(Phrase grounding data)
"""

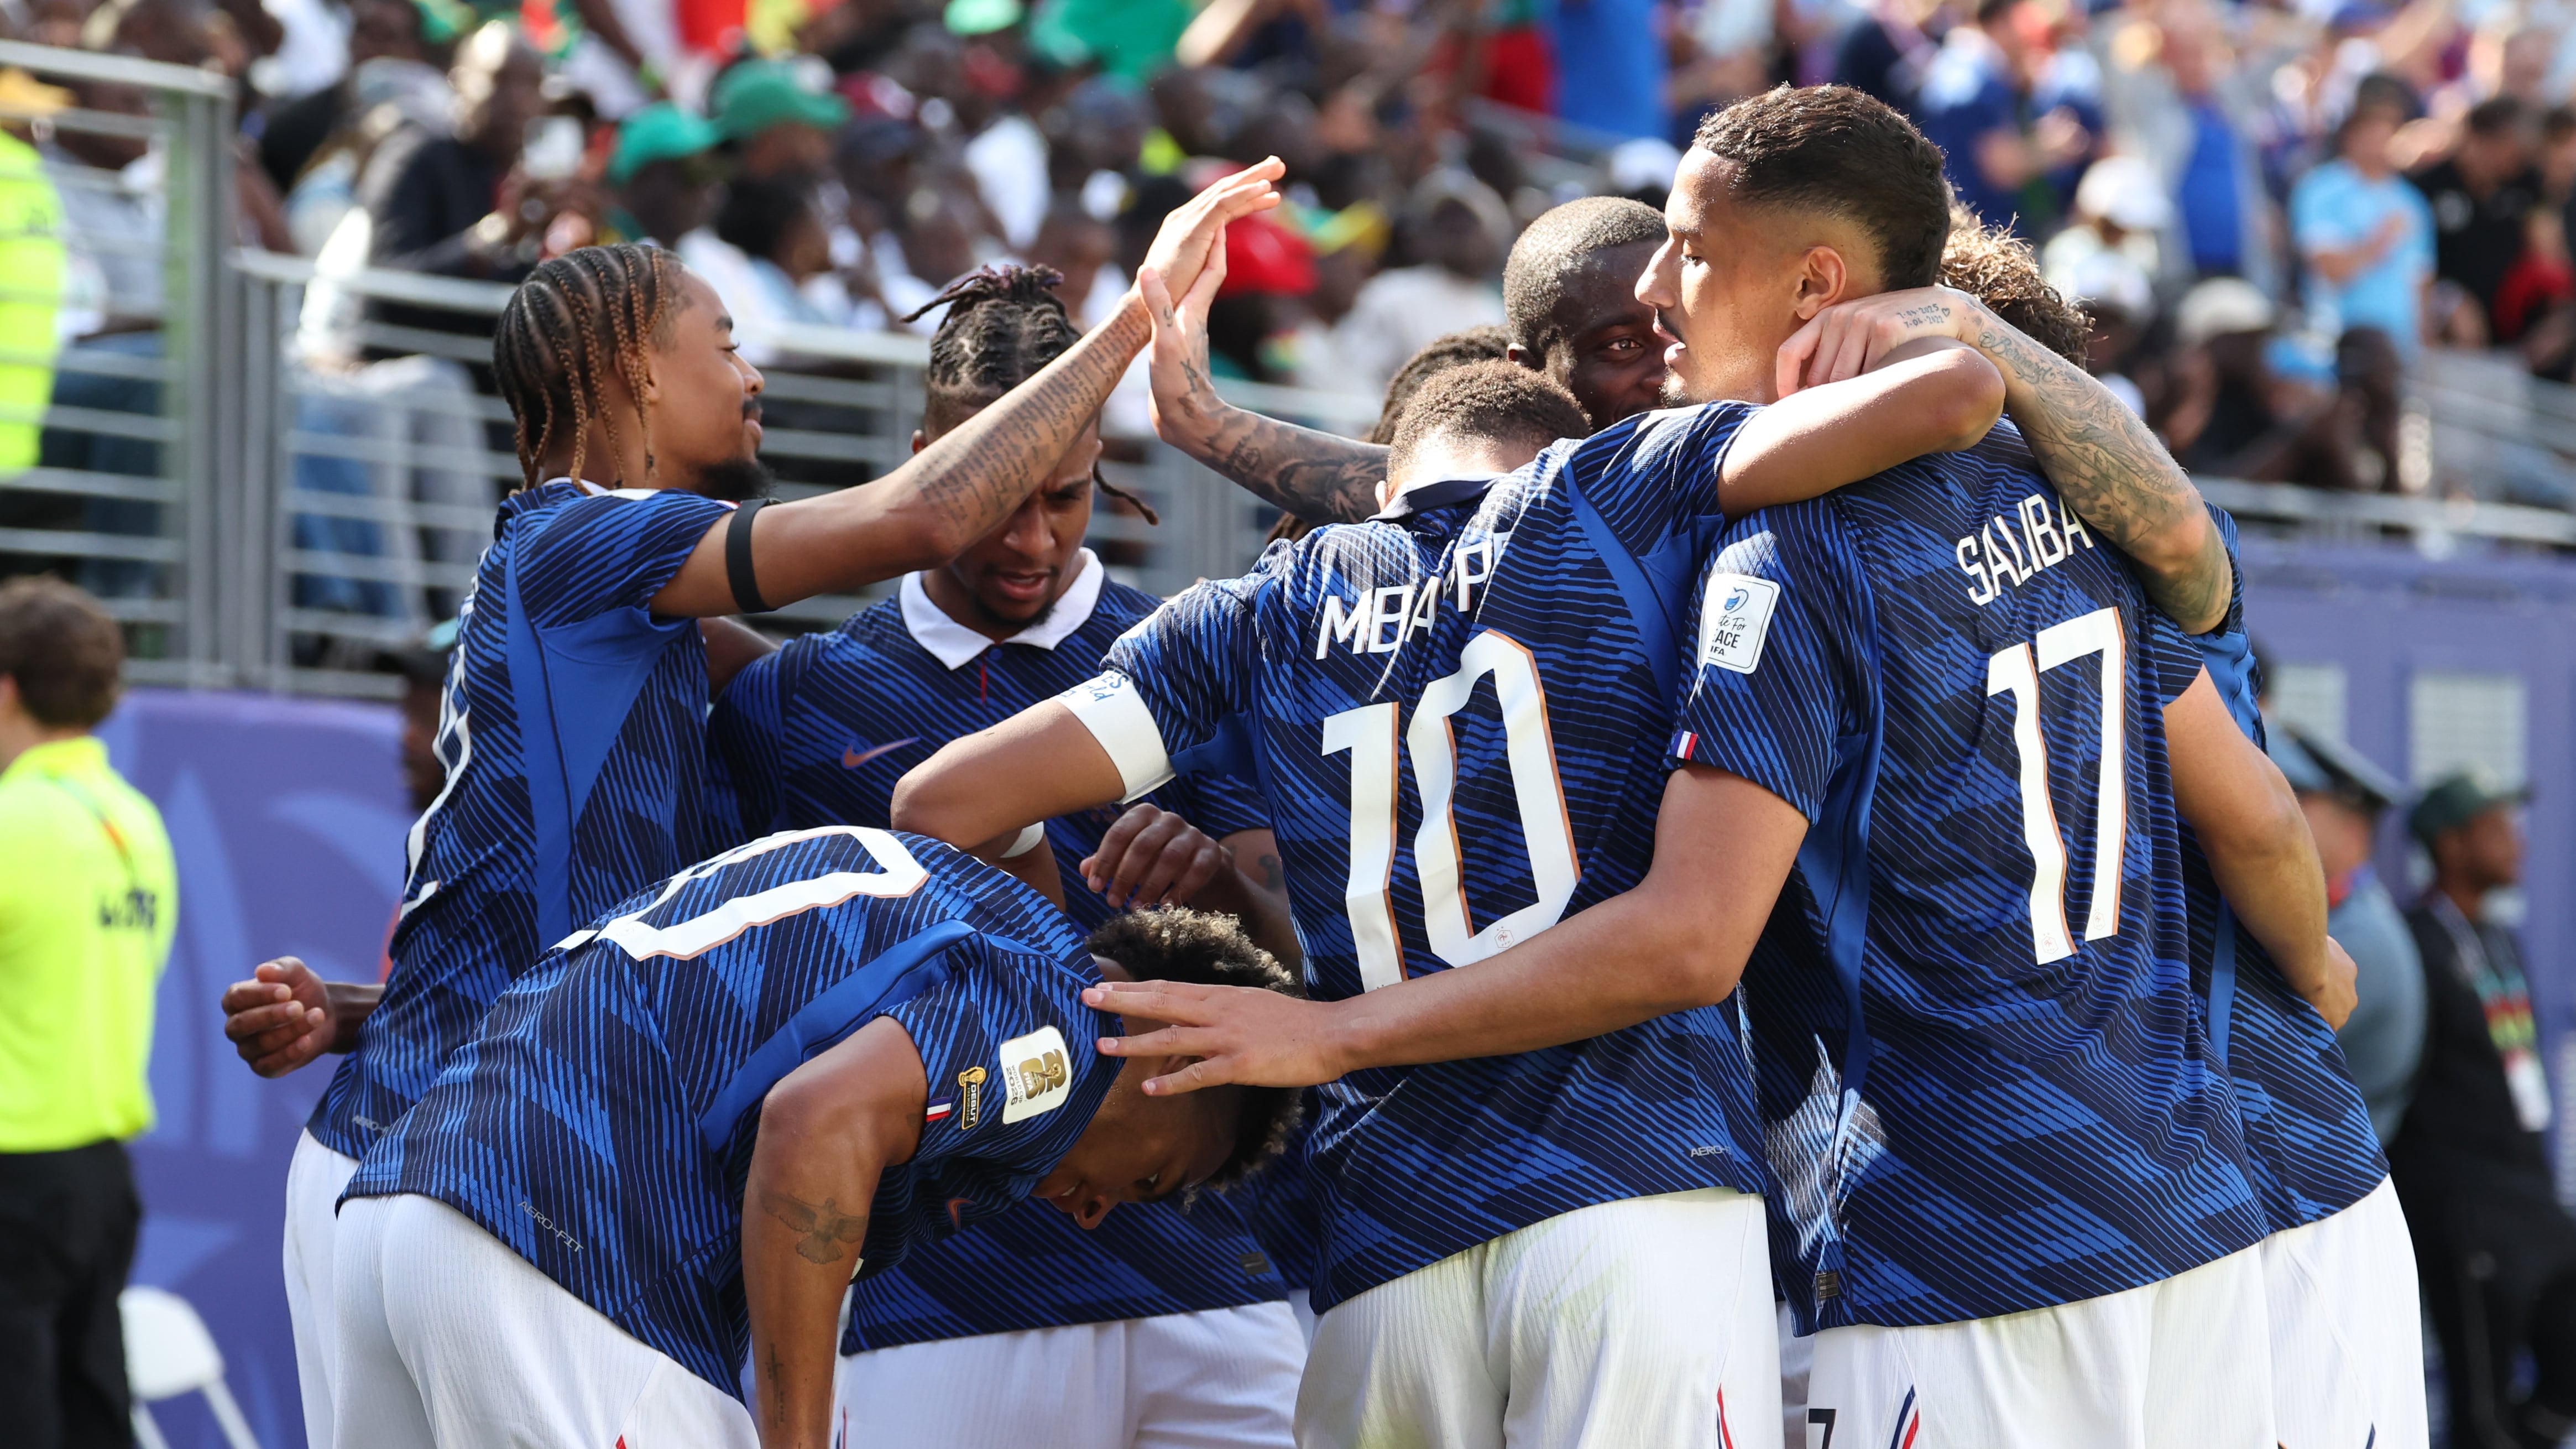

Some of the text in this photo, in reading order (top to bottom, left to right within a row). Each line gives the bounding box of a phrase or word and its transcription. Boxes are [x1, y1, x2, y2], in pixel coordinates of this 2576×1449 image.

[1956, 492, 2094, 606] SALIBA
[1316, 530, 1511, 660] MBAP
[1712, 628, 1741, 649] ACE
[1732, 617, 1747, 631] For
[1710, 645, 1725, 656] IFA
[1987, 606, 2126, 966] 17
[1321, 628, 1581, 993] 10
[1006, 1067, 1018, 1106] 2026
[1011, 1065, 1022, 1090] WORLD
[1023, 1071, 1034, 1091] FIFA
[518, 1201, 584, 1253] AERO-FIT
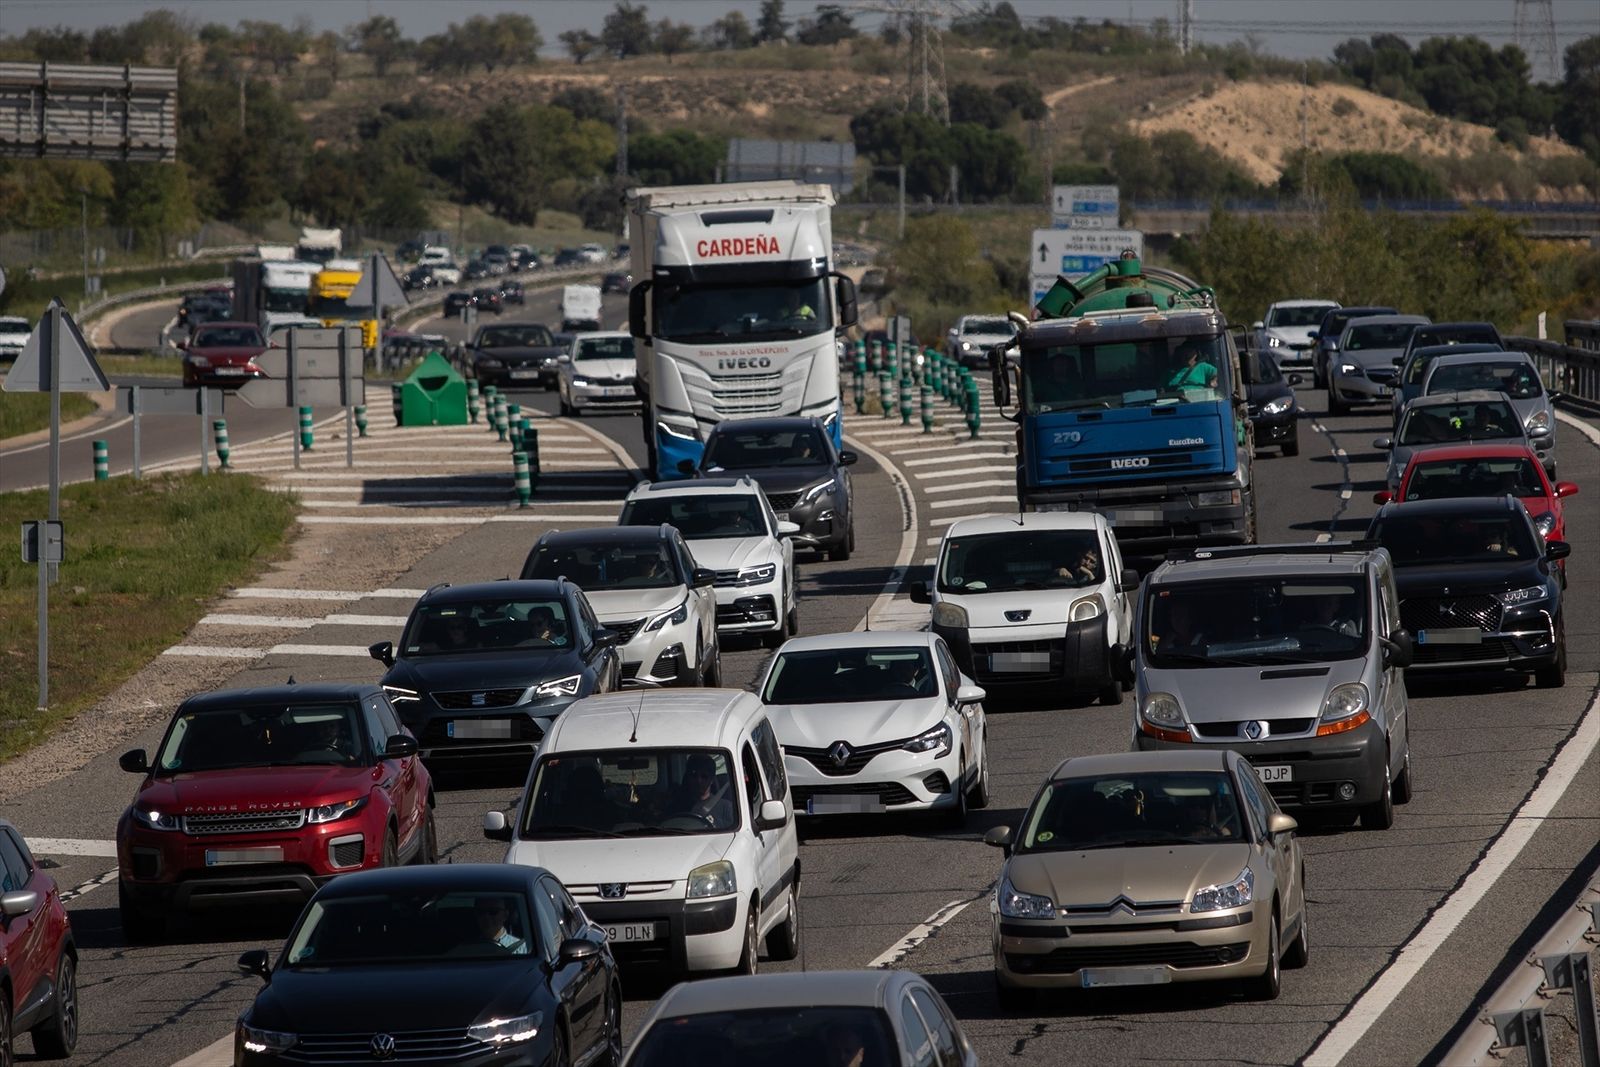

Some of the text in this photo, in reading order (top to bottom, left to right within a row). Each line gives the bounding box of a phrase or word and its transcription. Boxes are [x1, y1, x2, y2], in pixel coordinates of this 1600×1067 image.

[697, 234, 780, 258] CARDEÑA
[718, 357, 771, 369] IVECO
[1053, 431, 1081, 444] 270
[1110, 457, 1150, 469] IVECO
[1264, 767, 1288, 780] DJP
[248, 801, 301, 809] ROVER
[625, 926, 650, 940] DLN
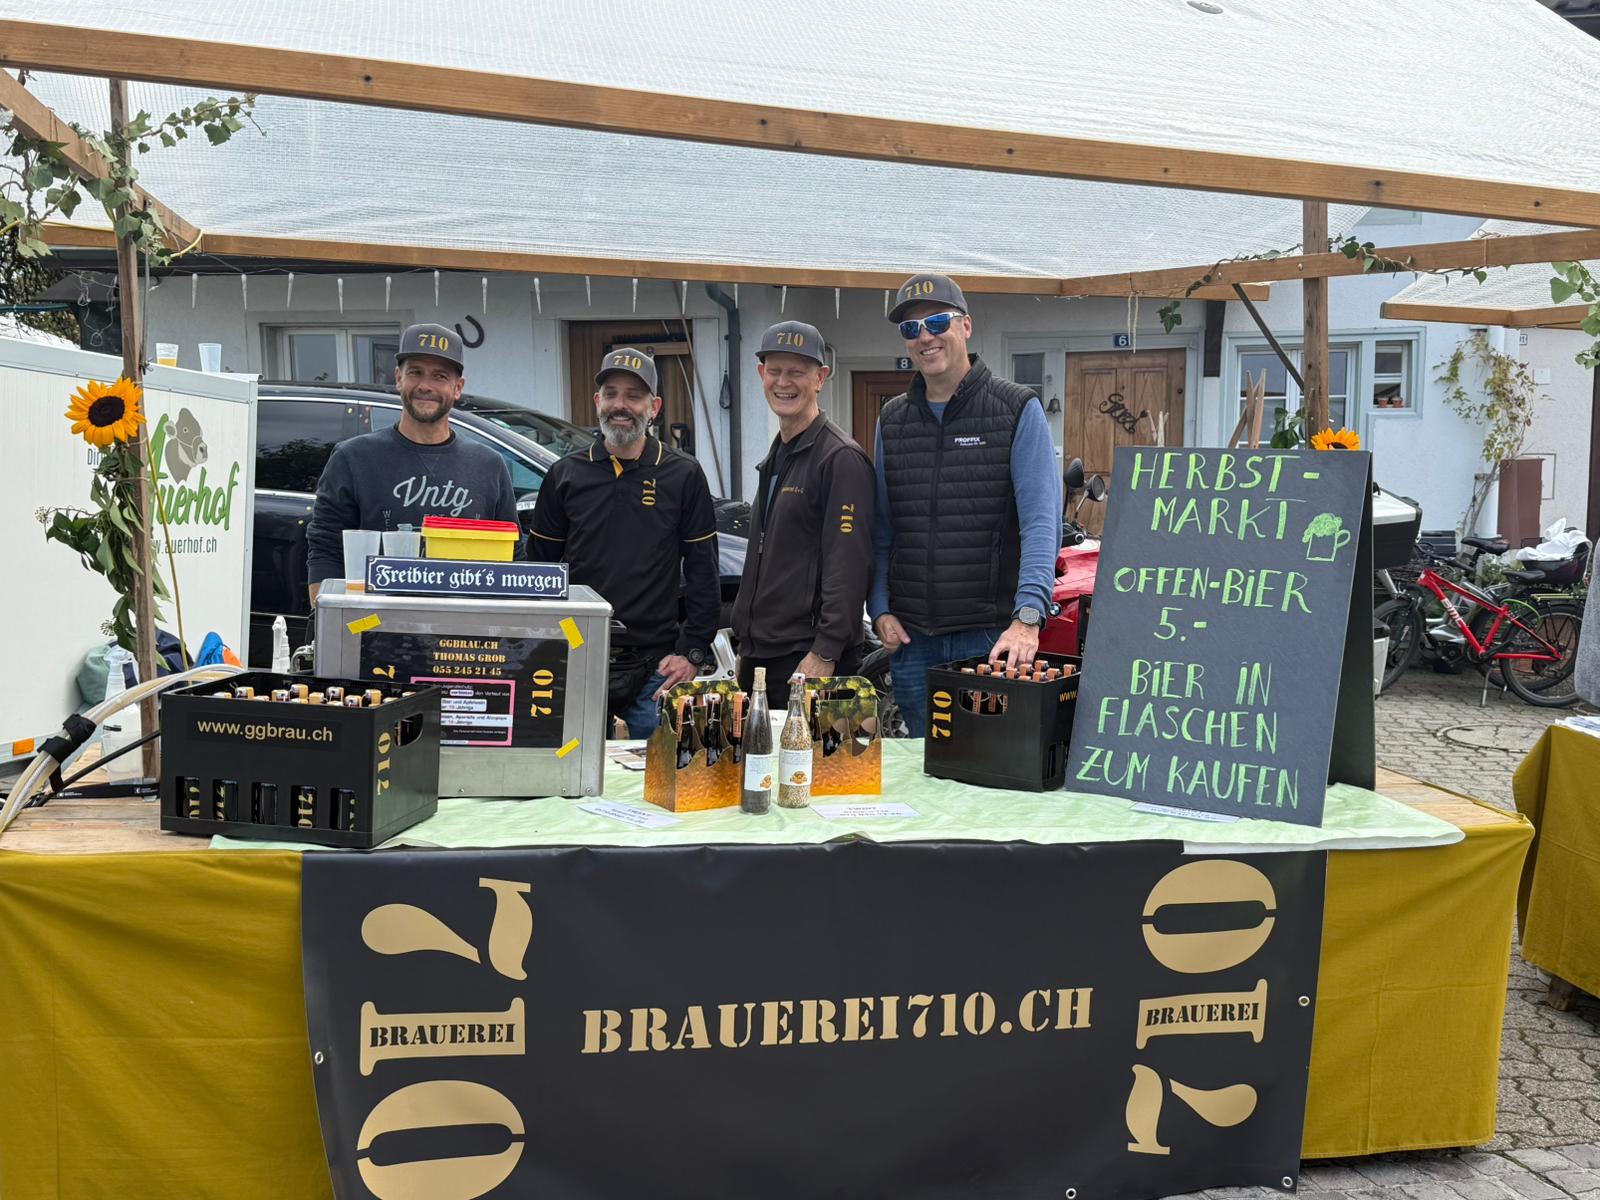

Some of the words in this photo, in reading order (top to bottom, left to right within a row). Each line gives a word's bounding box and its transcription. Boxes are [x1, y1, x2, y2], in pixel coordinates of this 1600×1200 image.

"""

Where the line containing "this 1600×1067 image." appears, begin writing out the lines word for word, and continue through the last line of the data, leaving out pictures.

Some of the text in this photo, in reading order (top to bottom, left to right within a row). Each line gives the bounding box of a phrase or word and its transcription. Boxes are [x1, y1, x2, y2], in pixel coordinates of this 1600×1067 image.

[697, 234, 780, 258] CARDEÑA
[718, 357, 771, 369] IVECO
[1053, 431, 1081, 444] 270
[1110, 457, 1150, 469] IVECO
[1264, 767, 1288, 780] DJP
[248, 801, 301, 809] ROVER
[625, 926, 650, 940] DLN

Some of the words in this photo, in reading order (top to bottom, left to right within a row). Each line gives a word's bounding box and its transcription. Boxes are [x1, y1, x2, y2], in pixel coordinates of this 1600×1200 image.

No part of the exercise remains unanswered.